Effect of molybdenum-induced copper deficiency on in vivo and in vitro measures of neutrophil chemotaxis both before and following an inflammatory stressor.

Twelve Angus x Hereford heifers (avg wt = 183.6 kg) were allotted by initial liver copper (Cu) concentrations into one of two treatments. Control (n = 6) heifers were fed a basal diet supplemented to provide a dietary Cu level of 10 ppm. Molybdenum (Mo)-induced Cu-deficient heifers (n = 6) were fed an identical basal diet supplemented with sodium molybdate (Cu:Mo ratio = 1:2.5), with dietary sulfur at .3% of the total diet. Dietary treatments were delivered for 120 d, at which time Mo-supplemented heifers were considered Cu-deficient (286 and 49 ppm liver Cu for control and Mo-induced Cu-deficient, respectively).

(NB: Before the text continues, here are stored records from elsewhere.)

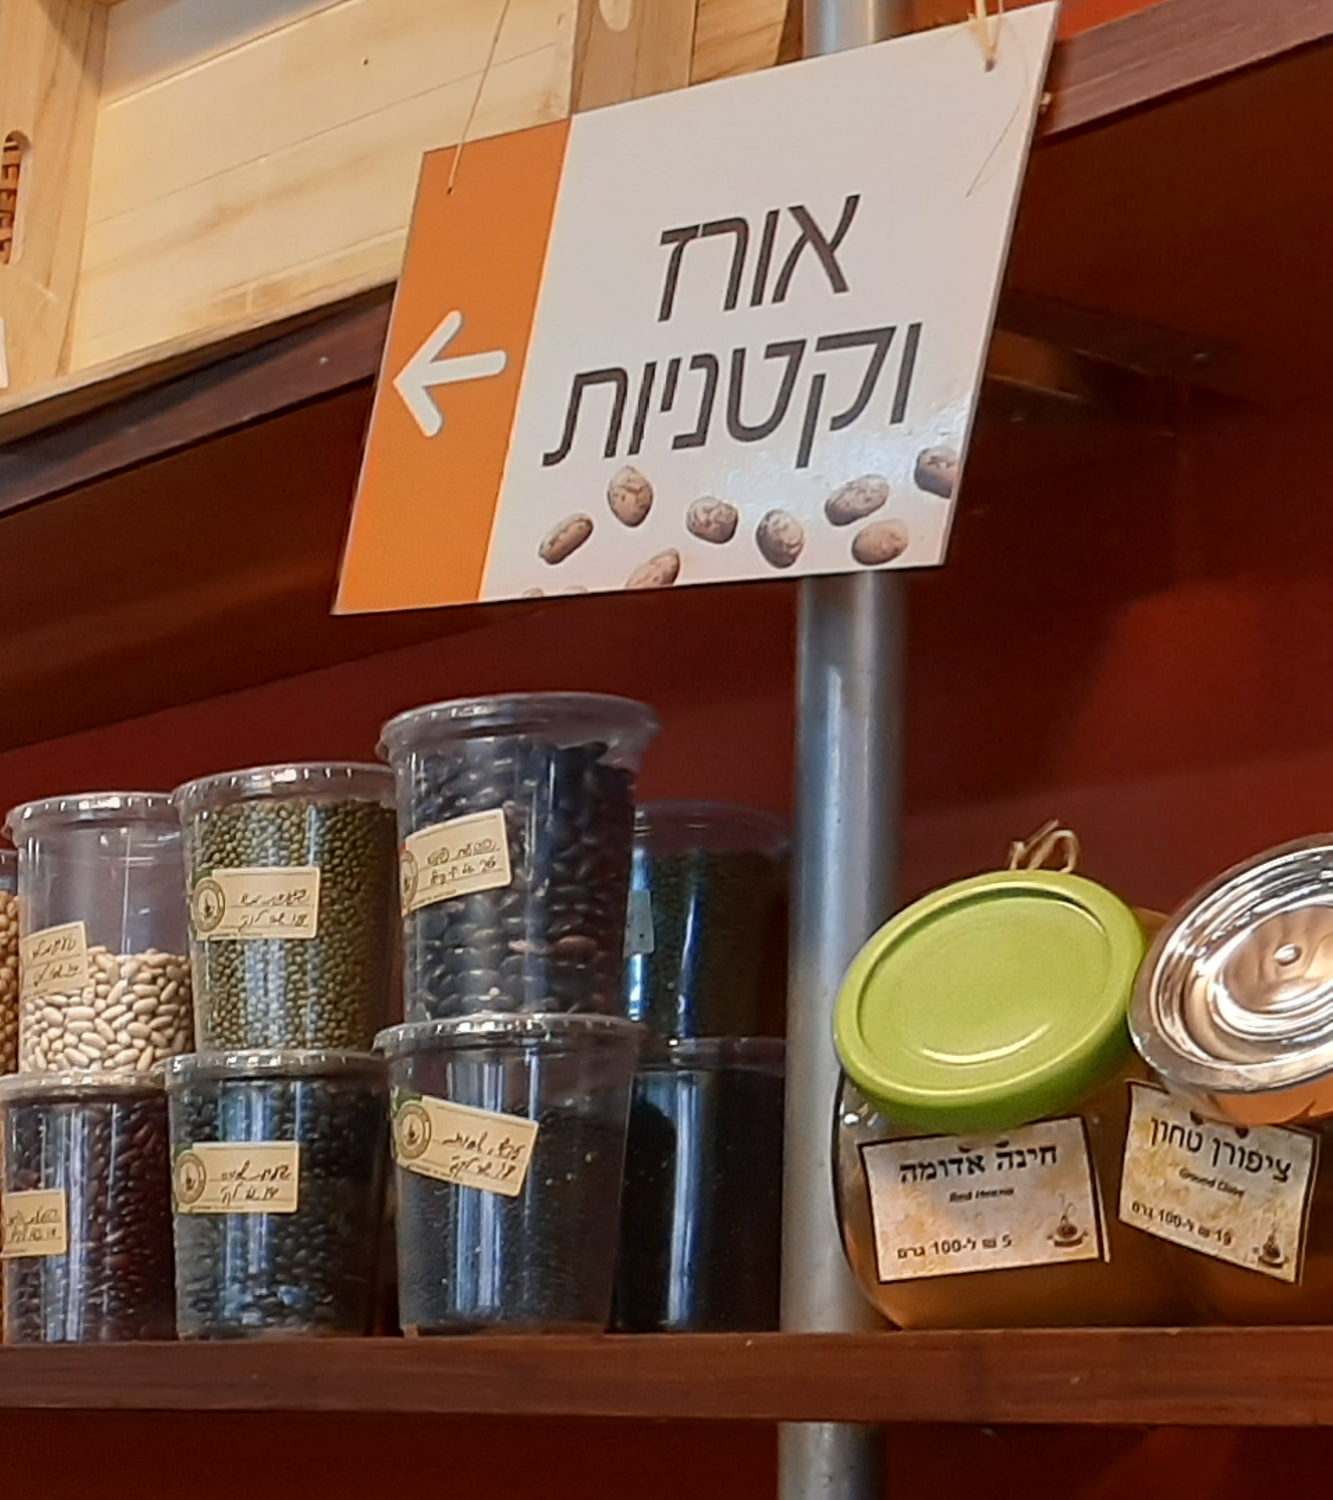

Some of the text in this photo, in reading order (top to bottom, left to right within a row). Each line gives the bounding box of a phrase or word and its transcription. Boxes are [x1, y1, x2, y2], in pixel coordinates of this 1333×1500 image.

[658, 194, 861, 323] אורז
[541, 322, 923, 470] וקטניות
[899, 1145, 1058, 1184] חינה אדומה
[1150, 1117, 1292, 1183] ציפורן טחון
[896, 1245, 926, 1260] גרם
[1002, 1233, 1013, 1248] 5

Peripheral blood neutrophils were enumerated both before and after the administration of an inflammatory stressor, a subcutaneous injection (1.5 mL) of Freund's complete adjuvant. In vitro and in vivo measures of neutrophil chemotaxis were evaluated and the expression of two adhesion molecules, CD18 and L-selectin, were analyzed by flow cytometric procedures. Molybdenum-induced Cu deficiency increased (P < .01) the number of peripheral blood neutrophils; however, in vitro neutrophil chemotaxis was not affected. In vivo neutrophil chemotaxis tended (P < .08) to be increased in Mo-induced Cu-deficient heifers (1.55 vs 2.26 x 10(6) cells/ sponge for control and Mo-supplemented, respectively). No differences in CD18 or L-selectin expression were detected between treatments. However, CD18 expression was decreased (P < .05) in both treatments following adjuvant injection. These data suggest that Mo-induced Cu deficiency results in an increase in peripheral blood neutrophil number, without altering chemotactic ability and adhesion molecule expression.